Well, it has ever been so. We always feel that we have done a mighty fine thing, and then, lo! the truth of it flashes upon us just when our exultation is at its height. Something or other pricks the bubble of our vanity—and everything is reduced to mere soap and water. Do you fancy that our world has progressed much, since, first, it was sent rotating on its axis? Of progress in the real sense there has been none. We have been groping in the dark ever since the first man was created, or, as the evolutionists would have it, ever since the first man emerged from an anthropoid ape. Our feet do not rest on any solid bottom. For a few days, a certain ‘epoch-making’ discovery holds its sway, and then, like a fired rocket, falls to the ground in many-coloured particles.

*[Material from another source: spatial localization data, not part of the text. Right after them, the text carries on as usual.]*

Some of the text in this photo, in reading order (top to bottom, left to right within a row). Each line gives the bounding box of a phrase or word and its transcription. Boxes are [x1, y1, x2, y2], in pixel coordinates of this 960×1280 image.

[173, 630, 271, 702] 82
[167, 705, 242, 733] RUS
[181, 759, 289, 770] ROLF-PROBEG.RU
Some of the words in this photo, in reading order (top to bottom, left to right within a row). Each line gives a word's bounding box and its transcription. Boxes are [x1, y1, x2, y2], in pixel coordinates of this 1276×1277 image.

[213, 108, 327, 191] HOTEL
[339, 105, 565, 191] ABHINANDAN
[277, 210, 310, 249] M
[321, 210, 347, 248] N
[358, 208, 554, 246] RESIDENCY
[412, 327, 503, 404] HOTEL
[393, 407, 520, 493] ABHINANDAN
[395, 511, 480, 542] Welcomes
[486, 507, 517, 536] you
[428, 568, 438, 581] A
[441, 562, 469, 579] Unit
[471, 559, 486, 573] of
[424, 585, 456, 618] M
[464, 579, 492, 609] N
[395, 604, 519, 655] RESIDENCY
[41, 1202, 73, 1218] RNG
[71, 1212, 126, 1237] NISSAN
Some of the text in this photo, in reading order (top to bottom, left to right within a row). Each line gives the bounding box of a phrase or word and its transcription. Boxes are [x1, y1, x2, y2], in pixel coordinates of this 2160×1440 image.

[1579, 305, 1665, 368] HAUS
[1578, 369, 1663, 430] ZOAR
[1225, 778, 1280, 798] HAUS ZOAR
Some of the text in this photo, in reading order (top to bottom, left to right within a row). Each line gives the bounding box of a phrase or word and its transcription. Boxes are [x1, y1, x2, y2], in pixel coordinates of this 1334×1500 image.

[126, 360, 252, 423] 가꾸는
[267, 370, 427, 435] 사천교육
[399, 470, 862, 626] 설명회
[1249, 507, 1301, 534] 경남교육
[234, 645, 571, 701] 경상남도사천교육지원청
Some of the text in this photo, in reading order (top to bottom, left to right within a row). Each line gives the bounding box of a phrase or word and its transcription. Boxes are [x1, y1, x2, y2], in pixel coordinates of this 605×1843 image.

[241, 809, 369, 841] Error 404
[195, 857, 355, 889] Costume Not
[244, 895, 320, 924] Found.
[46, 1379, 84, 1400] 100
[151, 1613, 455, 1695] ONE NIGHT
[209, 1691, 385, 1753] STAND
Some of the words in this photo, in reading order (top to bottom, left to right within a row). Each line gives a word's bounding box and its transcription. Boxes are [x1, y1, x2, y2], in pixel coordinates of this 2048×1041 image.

"Our little systems have their day:
They have their day, and cease to be."
They make a slight sensation, and then disappear altogether. They are like the bird that flies out of the dark void into the lighted banqueting hall and out into the void once more. In fact, most or our so-called discoveries are nothing; sometimes they are even contrary to the truth. Finally, we come back to the point from which we originally started. We are like the revellers in Mr. Chesterton's poem, who "went to Birmingham by way of Beachy Head," and in the end did not get to Birmingham.
You will have gathered from all this that we of this earth live in a world of make-believe. Down here, In Longfellow's word, "All things are not what they seem." We are all like masked figures in a pantomime: our real selves are hidden from view. He succeeds most who pretends most: all that is needed is to talk loud and push your goods in front of you in a big enough barrow. Of course, there, are some that loathe this pretence. But they cannot help practising it themselves: else, they would go under. "Were it not better done as others use?" And so, even the still, small band of good fellows amongst us mingle their waters in the broad stream of human vanity.
Such is our world; I can but hope that yours is much better. I hope also that you exist and that all these words have not been addressed to the void. Do not, however, be under the impression that I have exhausted all information relative to our orb.
"But there is matter for a second rhyme,
And I to this would add another tale."
Yours inter-planetarily
"HOMO SAPIENS."
1 "The Hague Conference and After," by Mr. Sisley Huddleston. The Contemporary Review, October. 1929, p. 418.